Today is the first day of 2018, and like many people, I sat down with my Big Chief writing tablet and my #2 pencil and began to map out the next twelve months of my life. I have personal goals, spiritual goals, and goals for this website, some of which I’m super excited to introduce to you in the coming weeks/months.

Unfortunately, writing goals down on a piece of paper is about as far as many people get. According to one report, 80% of all resolutions will be abandoned by the second week of February, leaving a trail of woulda-shoulda-coulda’s and a whole heap of “wait till next year”s in their wake.

But that’s not you, is it? Surely not! You and I are going to be the exception to the rule, the 20% that soldiers on and makes it to December, gracefully crossing the finish line with both hands up in the air and screaming “I did it!”

I hope so, for both of our sakes.

The reason that most people fail in their pursuit of New Year’s Resolutions comes down to several factors, the most important of which are a lack of specificity, a failure to focus on our mind, and setting smaller goals to achieve along the way.

In other words, the reason most people fail at the most popular resolution of “losing weight,” is because that’s as far as their thinking goes. Nothing beyond that – no plan, no intermediate goals, just a random statement that soothes the conscience.

For Christians, it’s not much different. We look back at the year before us and honestly believe that we can do better (or, at least we should be thinking that). Like the stair-step of holiness that Peter describes in his second epistle (2 Peter 1:5-8), we build on the successes and failures of past years in order to create a better future for ourselves.

The person that I should’ve invited to services? That’s my goal this year.

The Bible reading plan that I abandoned January 3? That’s also my goal this year.

But let me break from tradition and tell you something blunt: both of those are awful New Year’s Resolutions to make as a Christian.

Not because they’re not admirable (they are).

Not because they aren’t worth pursuing (they are).

But because they fail to address the underlying motivation for the actions in the first place.

That’s why, instead of making a list of nebulous aspirations for myself, this year, 2018, I’m committing myself to making better and more profitable resolutions that I can’t wait to stick to

Here’s a sampling:

Instead of Saying “I’m Going to Read My Bible More This Year,” say “I’m Going to Study and Meditate on God’s Word Continuously”

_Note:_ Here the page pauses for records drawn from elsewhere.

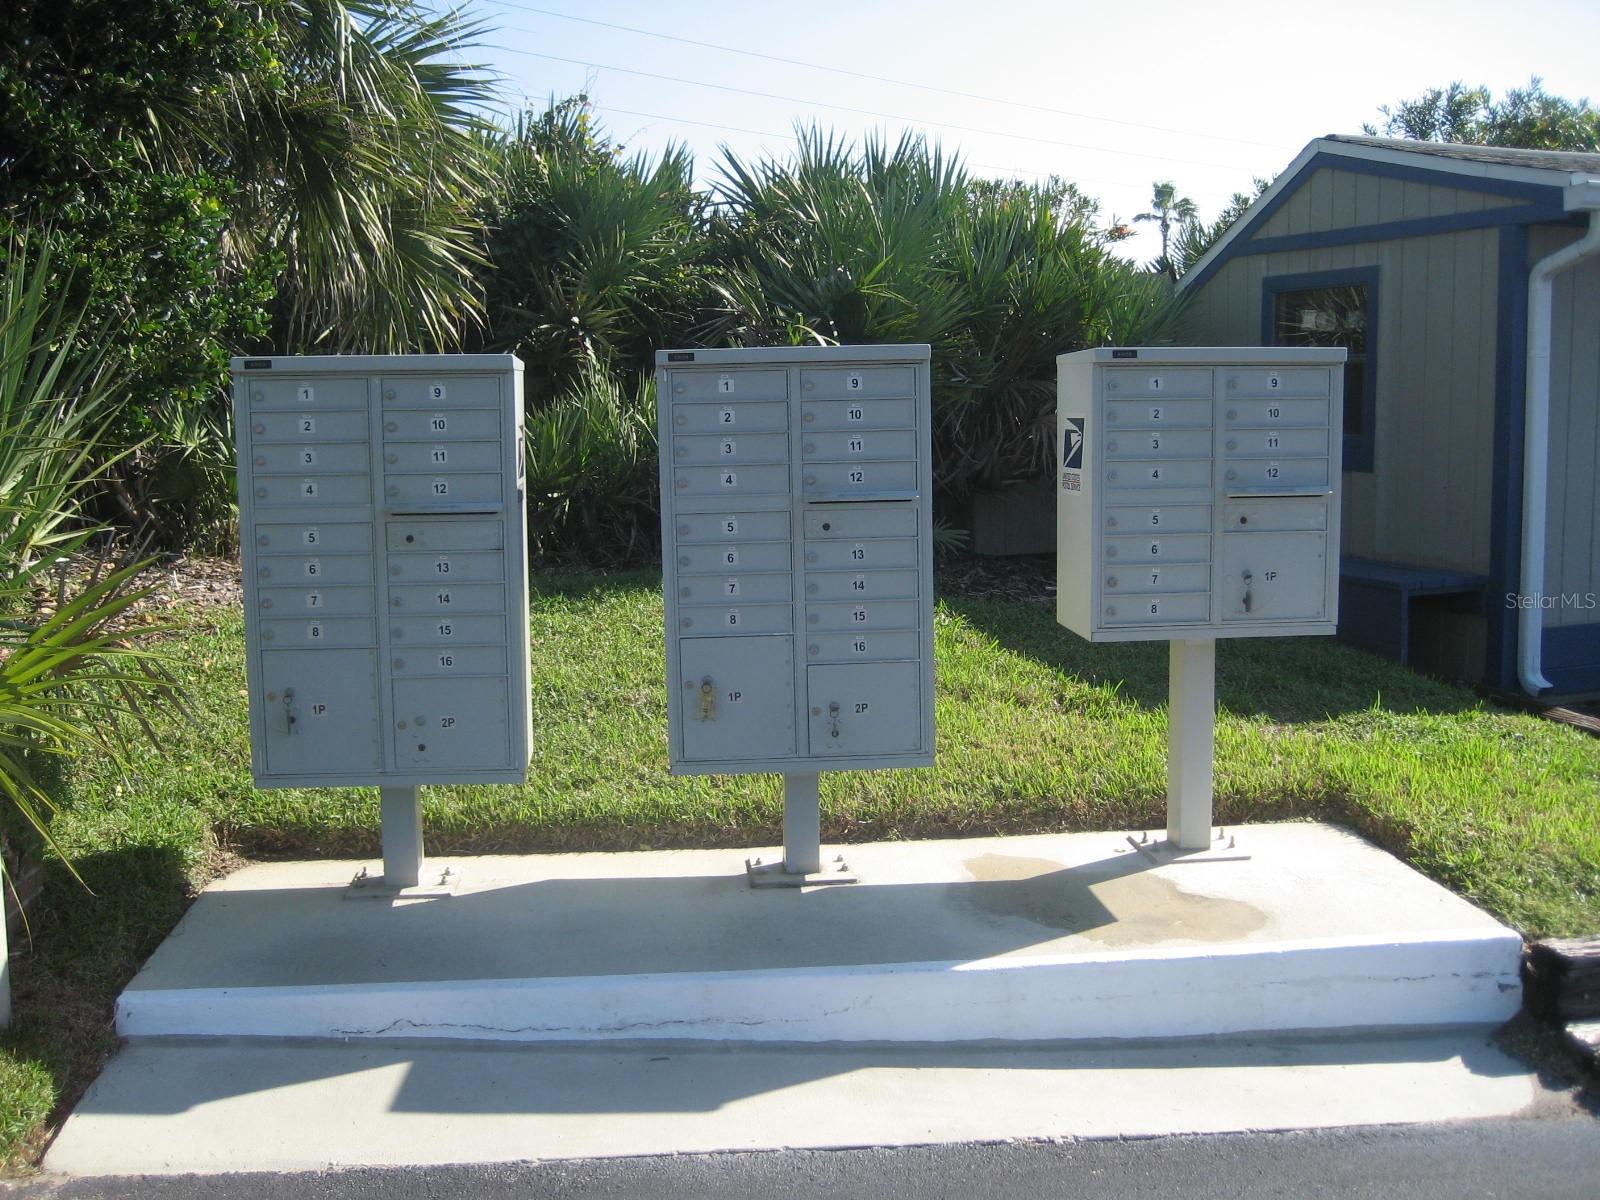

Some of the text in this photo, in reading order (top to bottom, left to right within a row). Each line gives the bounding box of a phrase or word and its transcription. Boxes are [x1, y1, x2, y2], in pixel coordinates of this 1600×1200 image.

[723, 381, 729, 391] 1
[851, 378, 859, 389] 9
[1153, 379, 1159, 388] 1
[1271, 378, 1278, 388] 9
[303, 389, 309, 400] 1
[433, 387, 441, 398] 9
[724, 412, 731, 423] 2
[849, 409, 862, 420] 10
[1153, 408, 1160, 419] 2
[1268, 408, 1280, 418] 10
[304, 421, 311, 432] 2
[432, 419, 446, 430] 10
[725, 443, 732, 454] 3
[850, 441, 861, 451] 11
[1152, 439, 1159, 449] 3
[1268, 438, 1278, 448] 11
[305, 453, 312, 463] 3
[433, 451, 445, 462] 11
[850, 471, 863, 482] 12
[1152, 469, 1159, 479] 4
[1267, 468, 1279, 478] 12
[725, 474, 733, 485] 4
[306, 485, 314, 495] 4
[433, 483, 447, 494] 12
[1152, 515, 1159, 525] 5
[727, 521, 734, 533] 5
[308, 532, 316, 543] 5
[851, 549, 864, 560] 13
[1151, 544, 1158, 555] 6
[727, 553, 734, 563] 6
[309, 564, 316, 575] 6
[436, 562, 450, 573] 13
[1151, 574, 1159, 585] 7
[1264, 570, 1278, 581] 1P
[728, 583, 736, 594] 7
[852, 580, 865, 590] 14
[311, 595, 318, 606] 7
[438, 594, 450, 604] 14
[1151, 604, 1158, 614] 8
[729, 614, 737, 625] 8
[854, 611, 866, 621] 15
[312, 626, 319, 637] 8
[439, 625, 452, 635] 15
[854, 641, 866, 652] 16
[441, 656, 453, 667] 16
[728, 692, 742, 702] 1P
[313, 704, 326, 715] 1P
[855, 703, 868, 714] 2P
[441, 717, 455, 728] 2P
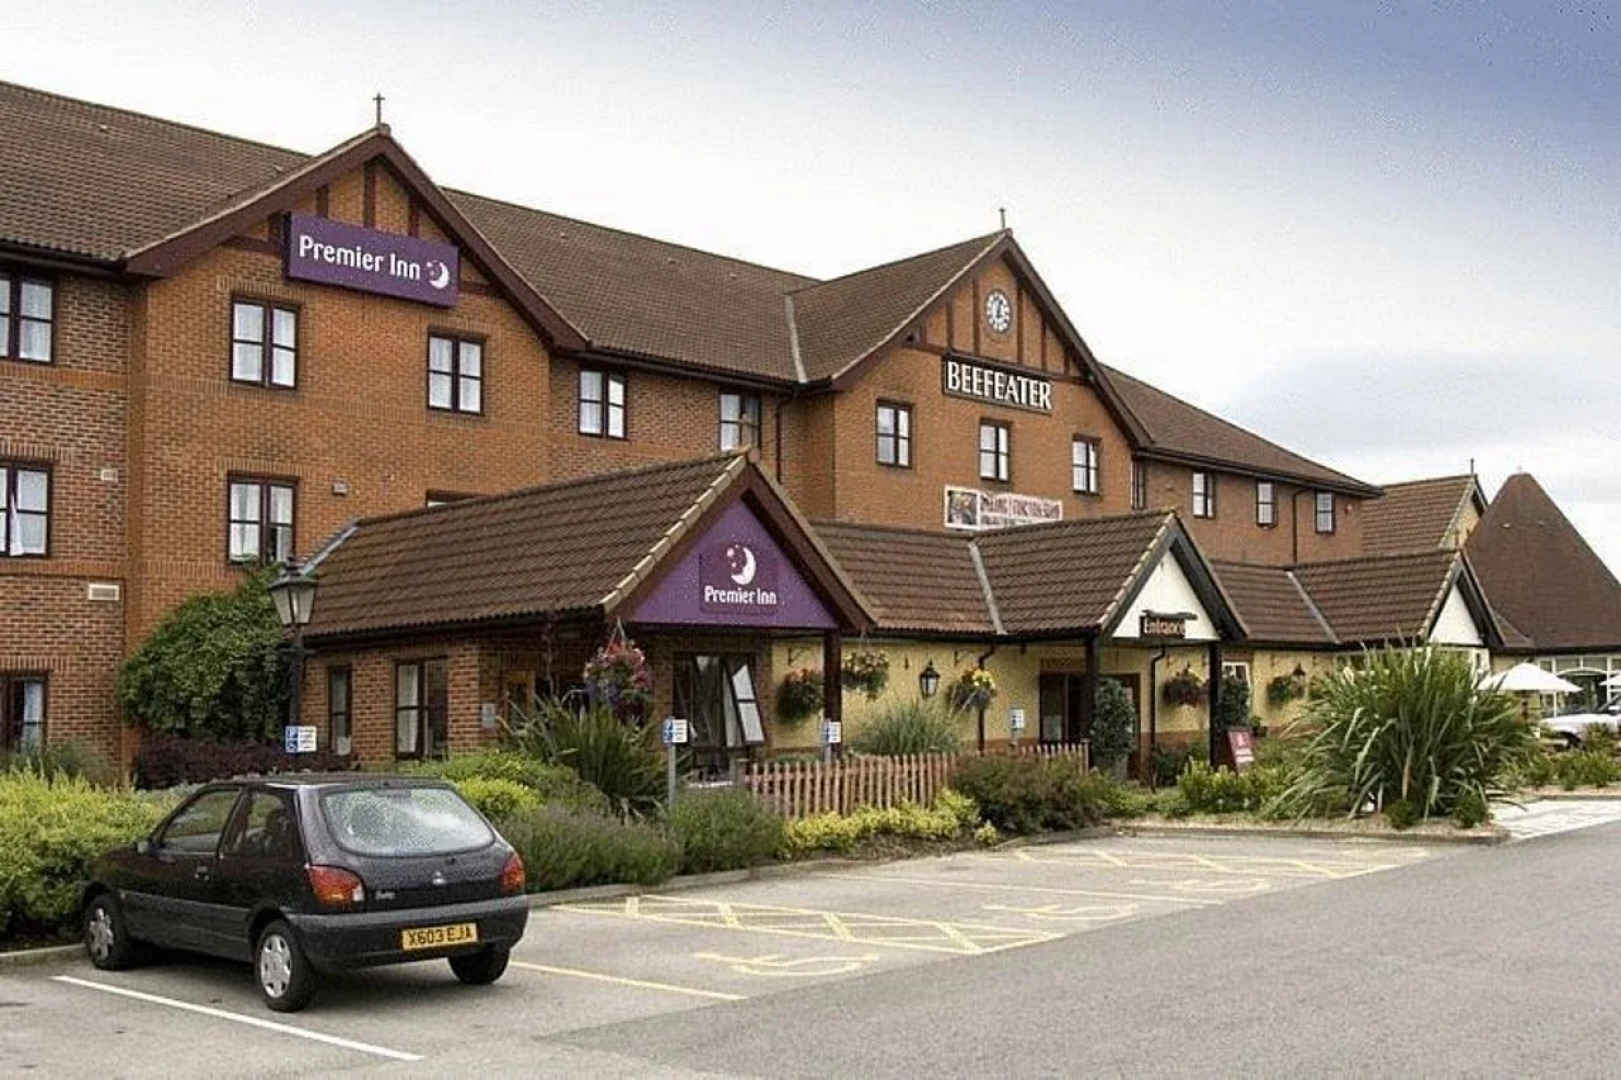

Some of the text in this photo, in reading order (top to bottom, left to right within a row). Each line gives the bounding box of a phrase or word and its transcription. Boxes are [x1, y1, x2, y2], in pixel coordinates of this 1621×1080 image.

Bible study plans are fantastic; I actually started one this morning on Facebook and would love for you to join me (go here to like the Coffee and a Bible page). 

The problem with most is that they start on January 1st, so if you miss a day or week or month, it’s tempting to throw in the towel and utter the Cleveland Indian’s favorite line: “Wait till next year!”

In reality, it doesn’t matter what plan you use, how you consume it (print, audio, app, etc), when you start, or why you even started in the first place. The only thing that matters is that you start.

But Bible reading is worthless if it’s not meditated on afterwards (and by meditation, I mean a constant state of reflection, not sitting in the corner and humming to yourself).

God won’t care if you check off every box on your list at the end of the year if you don’t remember any of it or haven’t applied it in your life in the meantime. If all you’re doing is reading for reading’s sake, then you’re not growing – it’s as simple as that.

Consider this: it’s far better to read one version, study it, and think about it the rest of the day than it is to read 100 verses that entered one ear and fell out the other. 

When God told Joshua to take the Promised Land, He told him to “meditate” on the book of the law “day and night” (Joshua 1:8). The righteous man in Psalm 1 “meditates” on the law “day and night” (Psalm 1:2). Psalm 119, the quintessential psalm about God’s word, talks about mediating on God’s statutes (v. 48), precepts (v.23), precepts (v.15), and wonders (v.27).

David is not talking about simply reading, reading, and more reading all day long; he’s talking about dwelling on the wonders and statues of God continuously.

Instead of simply reading God’s Word, focus on it.

Dwell on it.

Live in it.

Instead of saying, “I Will Teach the Gospel to My Friends,” say “I will share God’s Word with my friends because I love them.”

“Sharing” just sounds better than “teach,” doesn’t it?

Teaching has the idea of standing at a chalkboard in front of a group of students with a baton and taking your friends through their grammar lessons; sharing sounds more like gossip.

It should, because that’s almost exactly how the Scriptures describe it.

1 Timothy 5:13 describes idle women that go about sharing gossip “from house to house.” They have the latest information on sister Bertha Better-Than-You, and they can’t wait to share it with other people.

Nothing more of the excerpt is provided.